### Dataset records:
· · · · ·
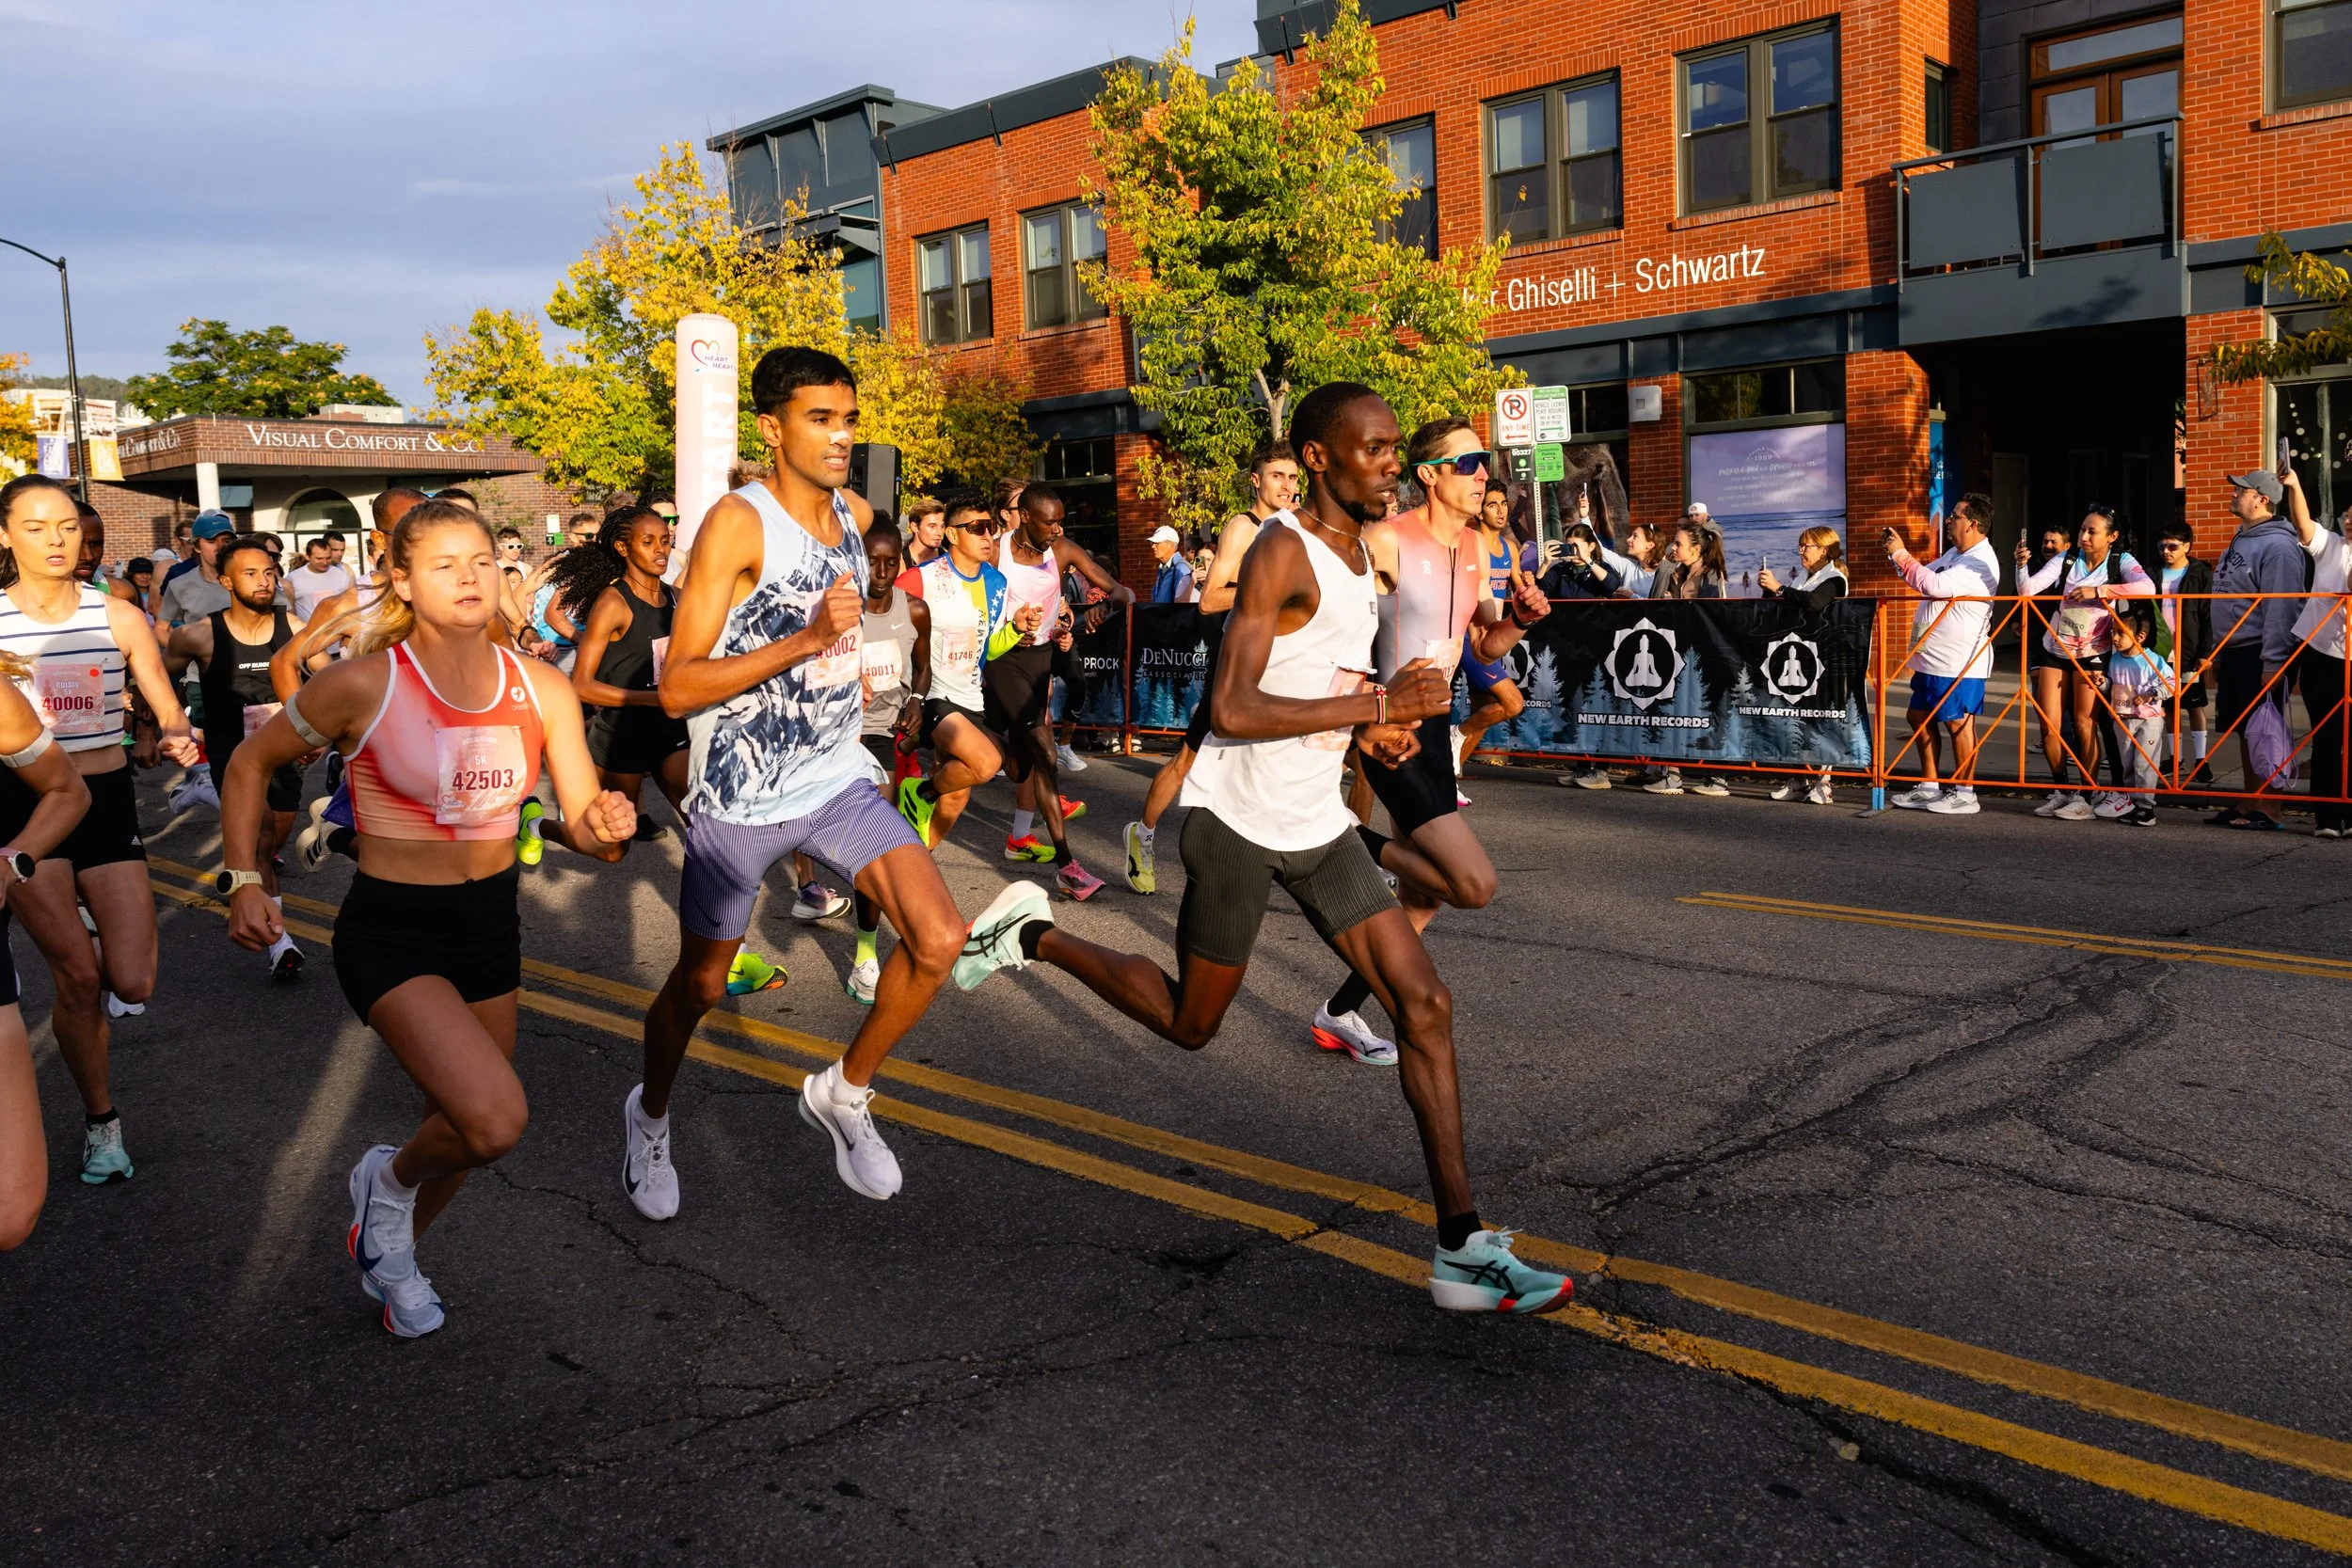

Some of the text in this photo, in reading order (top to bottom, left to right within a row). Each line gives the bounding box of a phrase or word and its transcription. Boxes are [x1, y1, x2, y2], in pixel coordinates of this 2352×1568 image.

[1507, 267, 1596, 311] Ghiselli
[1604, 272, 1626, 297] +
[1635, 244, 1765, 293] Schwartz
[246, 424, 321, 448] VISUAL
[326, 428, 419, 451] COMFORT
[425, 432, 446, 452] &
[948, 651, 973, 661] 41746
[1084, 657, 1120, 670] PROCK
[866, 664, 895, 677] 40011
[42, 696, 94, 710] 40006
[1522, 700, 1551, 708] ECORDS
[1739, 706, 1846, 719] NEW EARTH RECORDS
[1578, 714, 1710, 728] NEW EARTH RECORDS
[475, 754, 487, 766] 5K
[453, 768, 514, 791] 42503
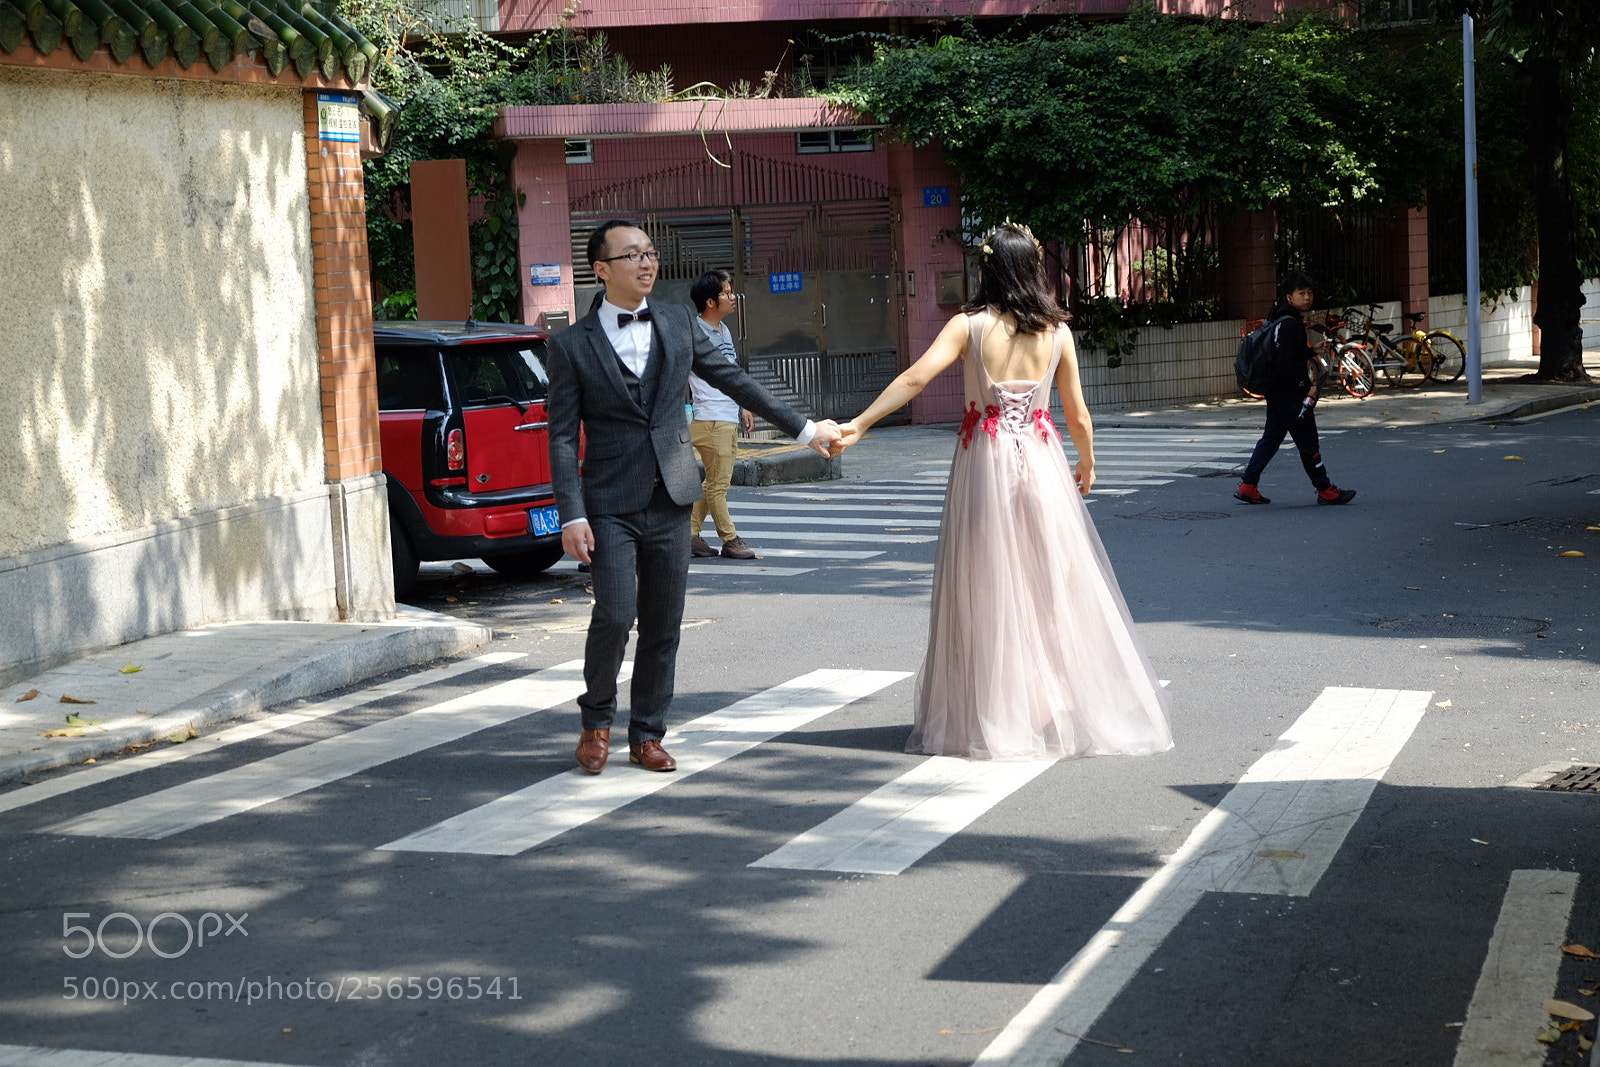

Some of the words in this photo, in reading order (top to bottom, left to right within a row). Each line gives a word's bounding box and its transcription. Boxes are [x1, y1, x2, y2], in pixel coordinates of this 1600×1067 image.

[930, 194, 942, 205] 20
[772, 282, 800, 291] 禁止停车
· · · · ·
### Activity:
Leave out the images and copy all remaining data word for word.

### Exercise solution:
Some of the text in this photo, in reading order (top to bottom, left to right within a row). Each line gives the bounding box of a phrase or word and its transcription. Boxes are [x1, y1, x2, y2], in pixel coordinates of this 2352×1568 image.

[1507, 267, 1596, 311] Ghiselli
[1604, 272, 1626, 297] +
[1635, 244, 1765, 293] Schwartz
[246, 424, 321, 448] VISUAL
[326, 428, 419, 451] COMFORT
[425, 432, 446, 452] &
[948, 651, 973, 661] 41746
[1084, 657, 1120, 670] PROCK
[866, 664, 895, 677] 40011
[42, 696, 94, 710] 40006
[1522, 700, 1551, 708] ECORDS
[1739, 706, 1846, 719] NEW EARTH RECORDS
[1578, 714, 1710, 728] NEW EARTH RECORDS
[475, 754, 487, 766] 5K
[453, 768, 514, 791] 42503

Some of the words in this photo, in reading order (top to bottom, left to right within a row). Each line gives a word's bounding box and its transcription. Boxes are [x1, y1, x2, y2], in pixel coordinates of this 1600×1067 image.

[930, 194, 942, 205] 20
[772, 282, 800, 291] 禁止停车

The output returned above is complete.